I was born in Riga, Latvia. All my formal education is in mathematics and theoretical computer science. I got my PhD degree for thesis "Behavior of Different Types of Automata and Turing Machines on Infinite Words" in 1990. My thesis advisor was Professor Rusins Freivalds, now well known name in quantum computing. For 20 years I was teaching in University of Latvia, where most of my students were prospective mathematics teachers. I was also leading numerous workshops for teachers and editing math textbooks in Latvia. But one of my hobbies always was knitting that I learned in middle school. I learned how to crochet on my own because I liked to use crochet to finish my knitting projects.
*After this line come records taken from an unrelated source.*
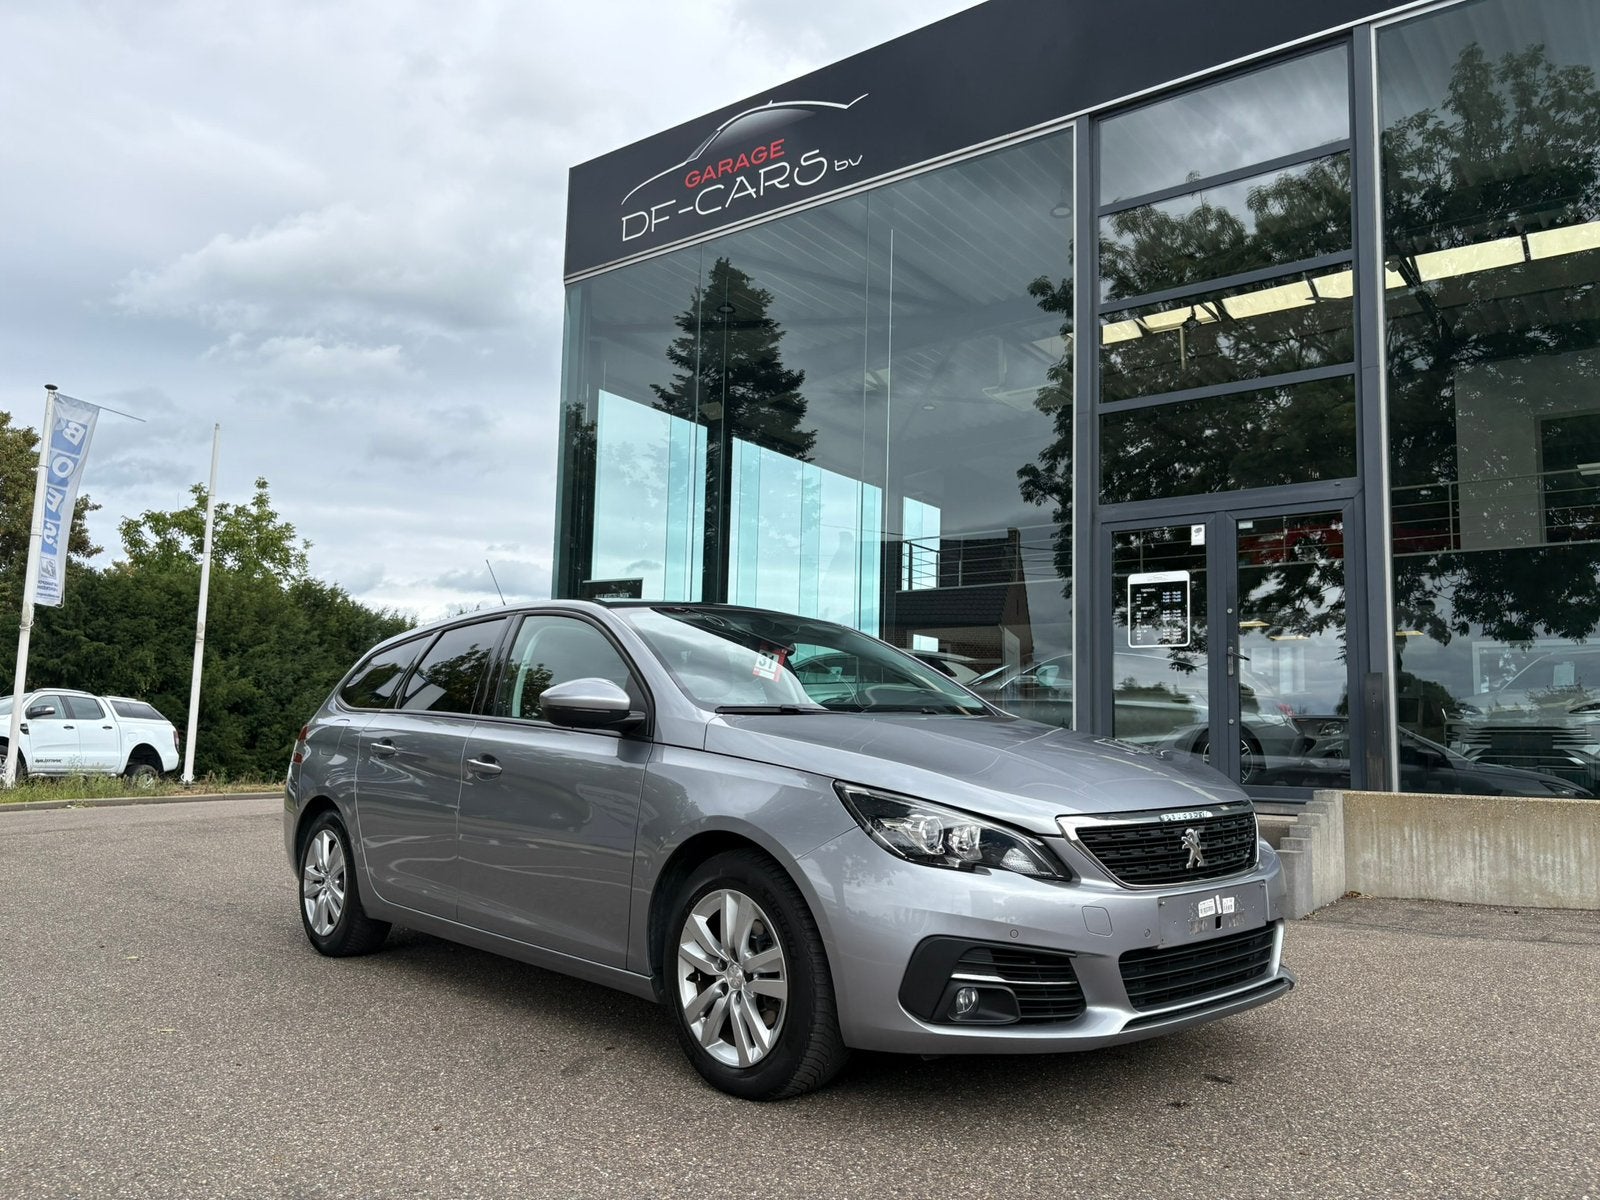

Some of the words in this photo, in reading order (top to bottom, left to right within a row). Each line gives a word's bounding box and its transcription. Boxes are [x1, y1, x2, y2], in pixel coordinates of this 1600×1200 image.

[621, 149, 828, 242] DF-CARS
[834, 154, 863, 171] bv
[684, 138, 785, 189] GARAGE
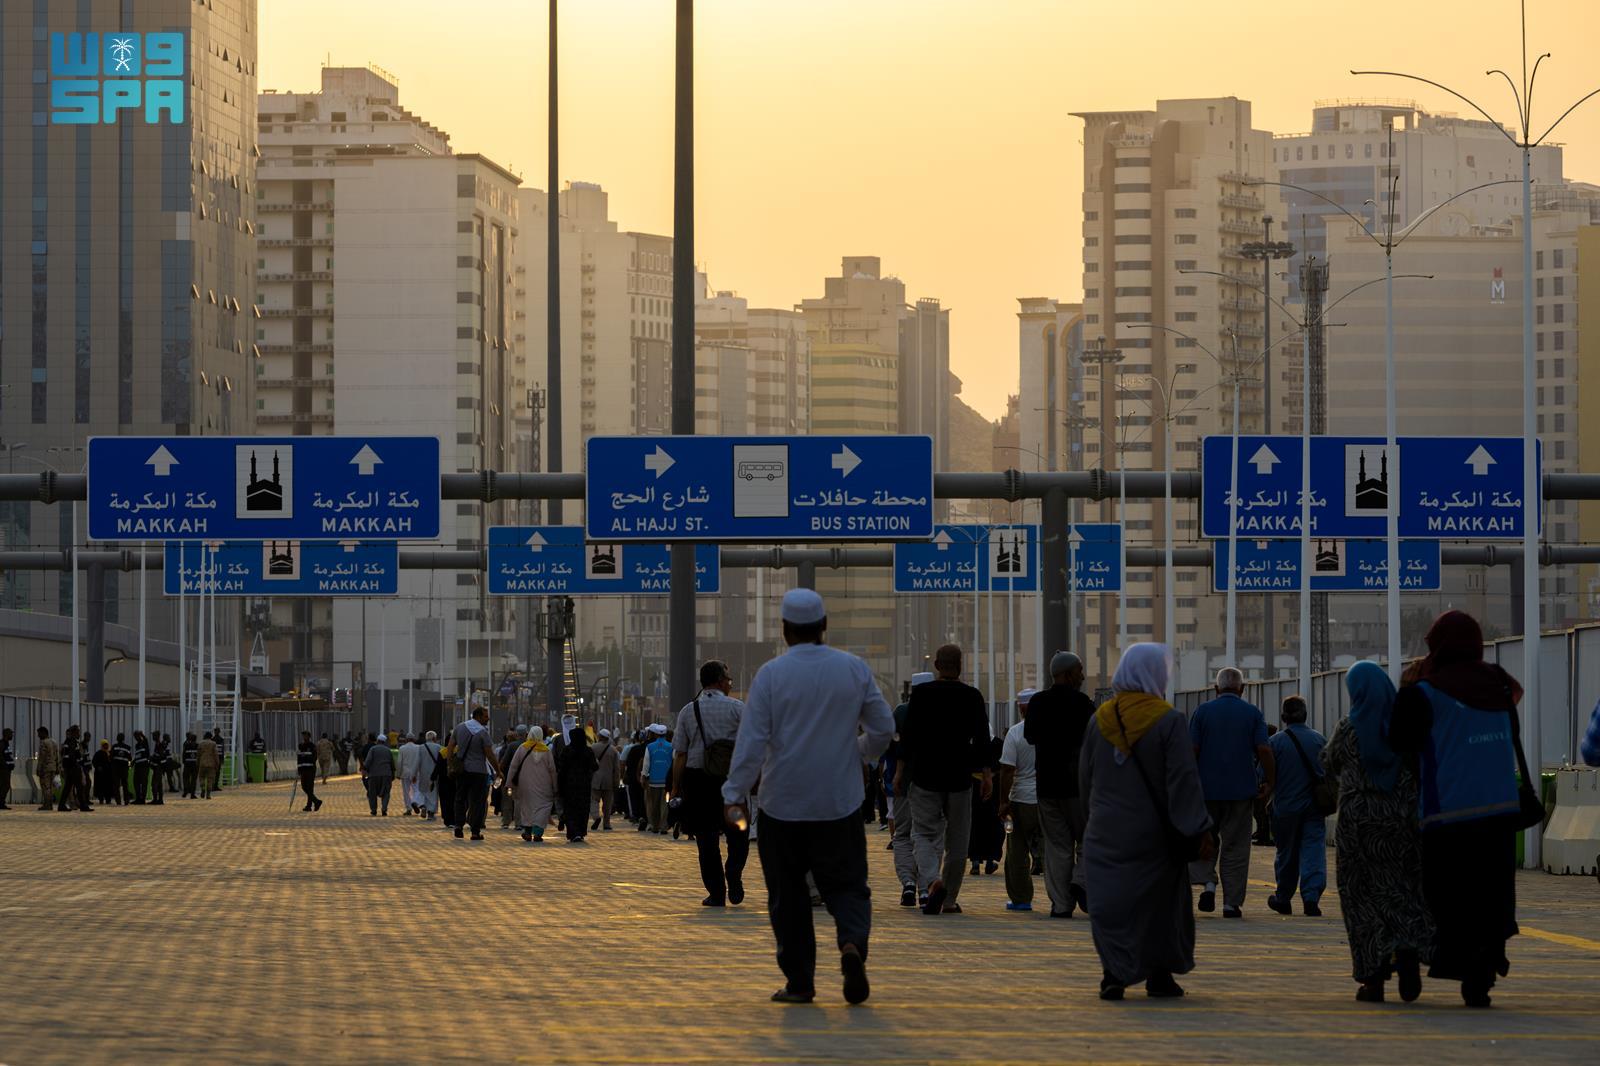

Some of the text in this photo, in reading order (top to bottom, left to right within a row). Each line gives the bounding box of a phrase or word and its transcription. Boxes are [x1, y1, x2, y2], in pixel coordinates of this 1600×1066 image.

[109, 491, 217, 513] مكة المكرمة
[312, 491, 420, 513] مكة المكرمة
[609, 485, 709, 512] شارع الحج
[793, 488, 927, 507] محطة حافلات
[1418, 491, 1522, 512] مكة المكرمة
[117, 518, 207, 533] MAKKAH
[322, 517, 412, 532] MAKKAH
[611, 517, 709, 532] AL HAJJ ST.
[811, 516, 911, 531] BUS STATION
[1428, 516, 1514, 531] MAKKAH
[227, 562, 250, 575] مكة
[313, 562, 385, 577] مكة المكرمة
[501, 561, 573, 576] مكة المكرمة
[907, 561, 951, 575] المكرمة
[1088, 561, 1110, 573] مكة
[1275, 560, 1297, 572] مكة
[1406, 559, 1428, 571] مكة
[319, 580, 379, 591] MAKKAH
[506, 579, 567, 590] MAKKAH
[912, 578, 972, 589] MAKKAH
[1234, 576, 1291, 587] MAKKAH
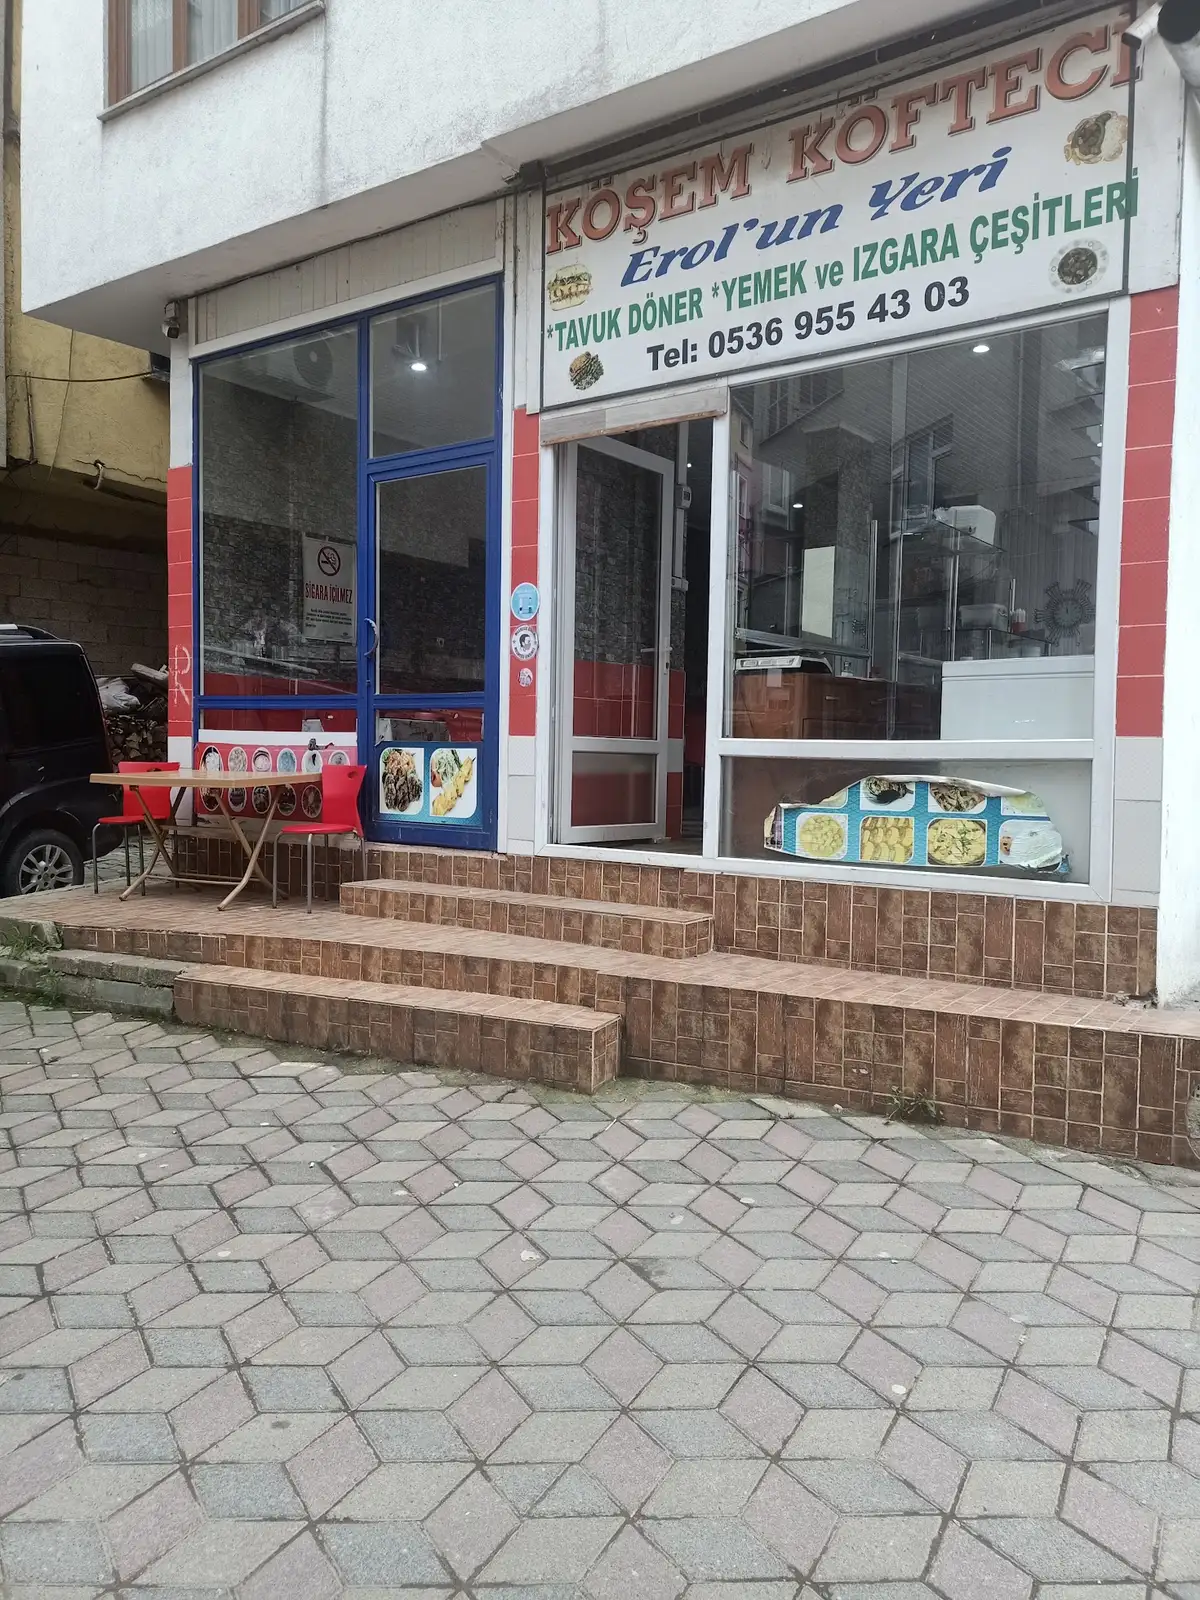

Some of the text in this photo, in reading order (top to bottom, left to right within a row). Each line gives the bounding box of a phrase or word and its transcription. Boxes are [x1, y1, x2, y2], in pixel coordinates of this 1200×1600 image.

[545, 143, 754, 256] KÖŞEM
[869, 147, 1012, 221] Yeri
[628, 287, 703, 335] DÖNER
[815, 260, 844, 290] ve
[853, 223, 959, 282] IZGARA
[969, 168, 1139, 264] ÇEŞİTLERİ
[646, 276, 970, 371] Tel: 0536 955 43 03
[305, 581, 353, 604] SİGARA İÇİLMEZ
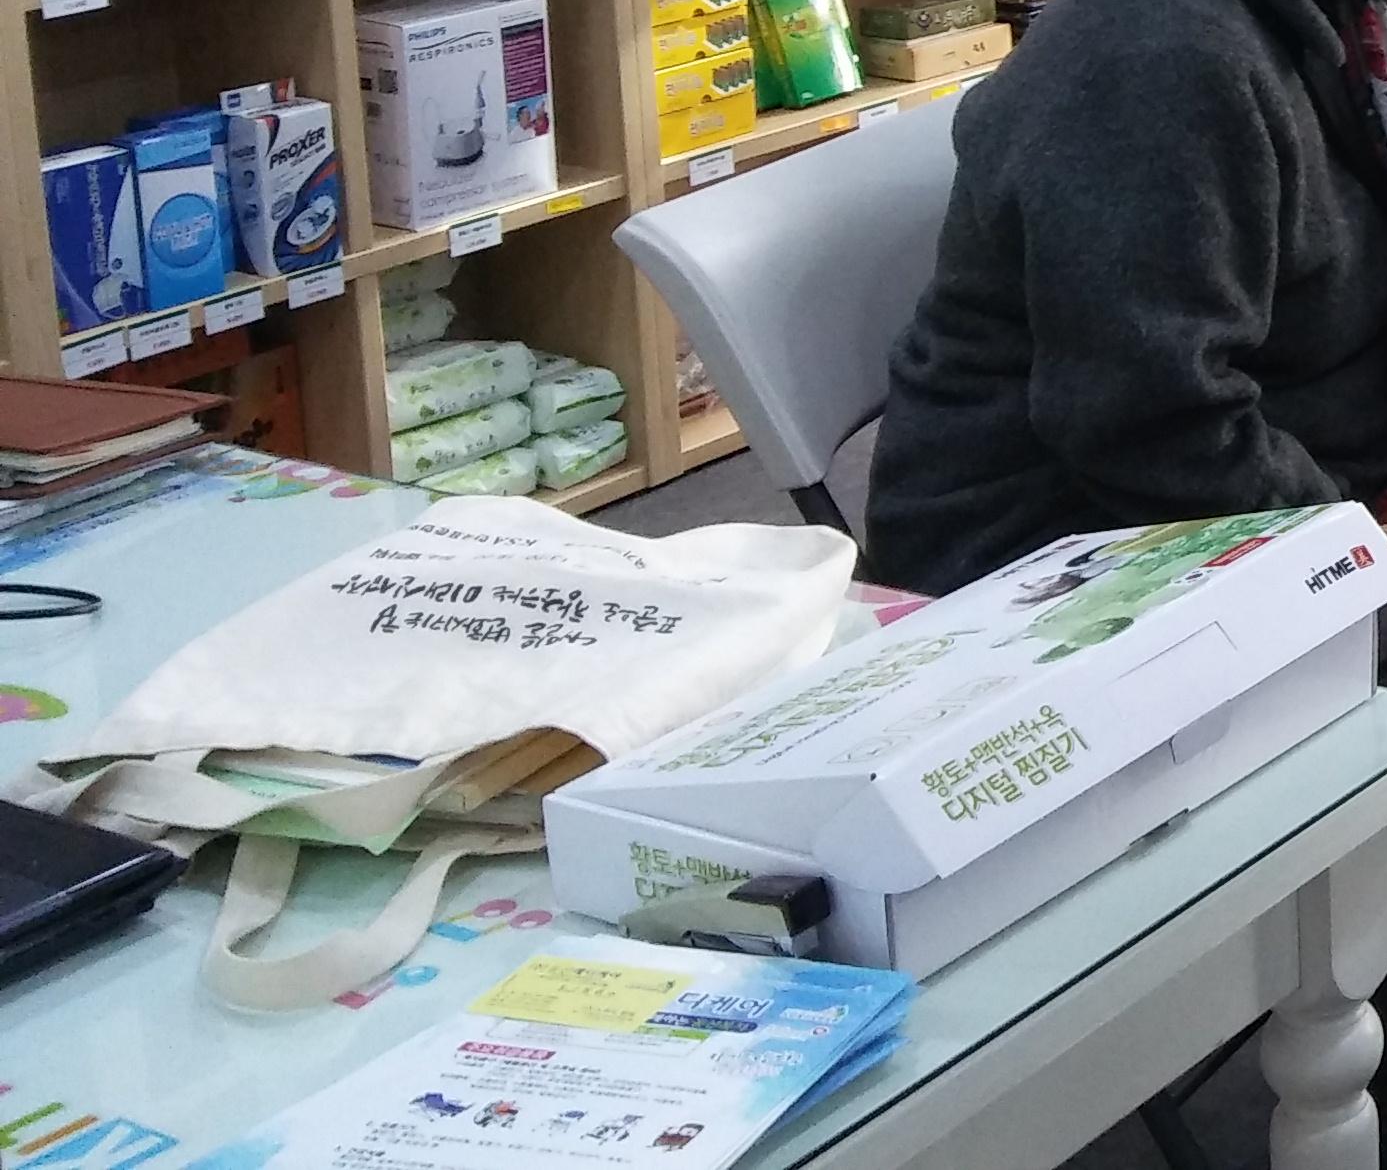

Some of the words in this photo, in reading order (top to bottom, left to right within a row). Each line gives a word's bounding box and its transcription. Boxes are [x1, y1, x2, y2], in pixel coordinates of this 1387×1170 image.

[408, 36, 495, 63] RESPIRONICS
[269, 126, 327, 171] PROXER
[1304, 556, 1357, 594] HITME
[921, 704, 1066, 798] 황토+맥반석+옥
[941, 768, 1025, 821] 디지털
[1013, 726, 1090, 786] 찜질기
I was seeing patterns and algorithms in knitting and crochet but I was not connecting it with my professional work in mathematics until 1997 when I became a Visiting Associate Professor in Department of Mathematics, Cornell University. Once I was participating in geometry workshop led by Professor David Henderson. He was showing a paper model of hyperbolic plane that was made using William Thurston's idea of annuli. And then it came in my mind - if one can make it out of a paper, then I should be able to crochet it and to get a more durable model to use in my geometry class. In that fall I was assigned to teach Math 451, using Henderson's book "Experiencing Geometry". During summer 1997 I made my first classroom set of hyperbolic planes and used it in my geometry class. It was amazing to see how much it helped my students to understand the nature of hyperbolic plane.

Since then I have made numerous models of hyperbolic plane, including crocheting figures for 2nd and 3rd edition of "Experiencing Geometry". For the last one I am now co-author with my husband David Henderson, who always has some idea what I could crochet next to use in his or my classes.

In 2003 I started to exchange e-mails with Margaret Wertheim about how to crochet these models (she learned about them from New Scientist), and in May 2004 The Institute for Figuring invited us to give a public lecture "Crocheting the Hyperbolic Plane" (see www.theiff.org for more information). For classroom models I use acrylic yarn because it is more durable and easy to clean. For this exhibit I did some of these shapes in wool to stress that we can find hyperbolic shapes in nature, we are just not used to notice them as easy as we do with flat or spherical shapes that are other common surfaces with constant curvature.

We all know positive numbers, negative numbers and zero. For surfaces we can use a notion of curvature - zero curvature is flat surface, sphere has constant positive curvature. It is logical to ask - but what surface has a negative constant curvature and how does it look? The answer is hyperbolic plane and looking at the models you can see how differently it can appear and how amazingly it can be sculpted starting from the same basic shape.